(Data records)
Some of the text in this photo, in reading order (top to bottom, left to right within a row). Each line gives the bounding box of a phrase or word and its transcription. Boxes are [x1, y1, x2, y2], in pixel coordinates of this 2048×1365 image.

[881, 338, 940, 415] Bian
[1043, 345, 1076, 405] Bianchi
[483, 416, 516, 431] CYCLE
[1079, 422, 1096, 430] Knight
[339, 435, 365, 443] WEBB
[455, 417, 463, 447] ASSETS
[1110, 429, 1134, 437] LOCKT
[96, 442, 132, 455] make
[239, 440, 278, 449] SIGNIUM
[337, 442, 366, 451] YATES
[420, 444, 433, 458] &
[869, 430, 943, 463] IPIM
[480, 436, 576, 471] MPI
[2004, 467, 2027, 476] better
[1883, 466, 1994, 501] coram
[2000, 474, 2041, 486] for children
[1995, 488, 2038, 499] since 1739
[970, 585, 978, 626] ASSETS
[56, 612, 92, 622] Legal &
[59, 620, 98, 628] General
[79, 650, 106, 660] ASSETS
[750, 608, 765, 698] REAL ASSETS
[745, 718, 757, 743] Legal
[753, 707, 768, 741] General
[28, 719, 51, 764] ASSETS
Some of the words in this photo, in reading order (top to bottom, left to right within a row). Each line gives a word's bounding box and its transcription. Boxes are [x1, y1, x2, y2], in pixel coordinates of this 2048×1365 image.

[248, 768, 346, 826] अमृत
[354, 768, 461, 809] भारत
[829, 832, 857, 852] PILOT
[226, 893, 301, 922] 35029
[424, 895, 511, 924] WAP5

About this task: An exact repetition of all the records above is required.

Answer space:
Some of the text in this photo, in reading order (top to bottom, left to right within a row). Each line gives the bounding box of a phrase or word and its transcription. Boxes are [x1, y1, x2, y2], in pixel coordinates of this 2048×1365 image.

[881, 338, 940, 415] Bian
[1043, 345, 1076, 405] Bianchi
[483, 416, 516, 431] CYCLE
[1079, 422, 1096, 430] Knight
[339, 435, 365, 443] WEBB
[455, 417, 463, 447] ASSETS
[1110, 429, 1134, 437] LOCKT
[96, 442, 132, 455] make
[239, 440, 278, 449] SIGNIUM
[337, 442, 366, 451] YATES
[420, 444, 433, 458] &
[869, 430, 943, 463] IPIM
[480, 436, 576, 471] MPI
[2004, 467, 2027, 476] better
[1883, 466, 1994, 501] coram
[2000, 474, 2041, 486] for children
[1995, 488, 2038, 499] since 1739
[970, 585, 978, 626] ASSETS
[56, 612, 92, 622] Legal &
[59, 620, 98, 628] General
[79, 650, 106, 660] ASSETS
[750, 608, 765, 698] REAL ASSETS
[745, 718, 757, 743] Legal
[753, 707, 768, 741] General
[28, 719, 51, 764] ASSETS
Some of the words in this photo, in reading order (top to bottom, left to right within a row). Each line gives a word's bounding box and its transcription. Boxes are [x1, y1, x2, y2], in pixel coordinates of this 2048×1365 image.

[248, 768, 346, 826] अमृत
[354, 768, 461, 809] भारत
[829, 832, 857, 852] PILOT
[226, 893, 301, 922] 35029
[424, 895, 511, 924] WAP5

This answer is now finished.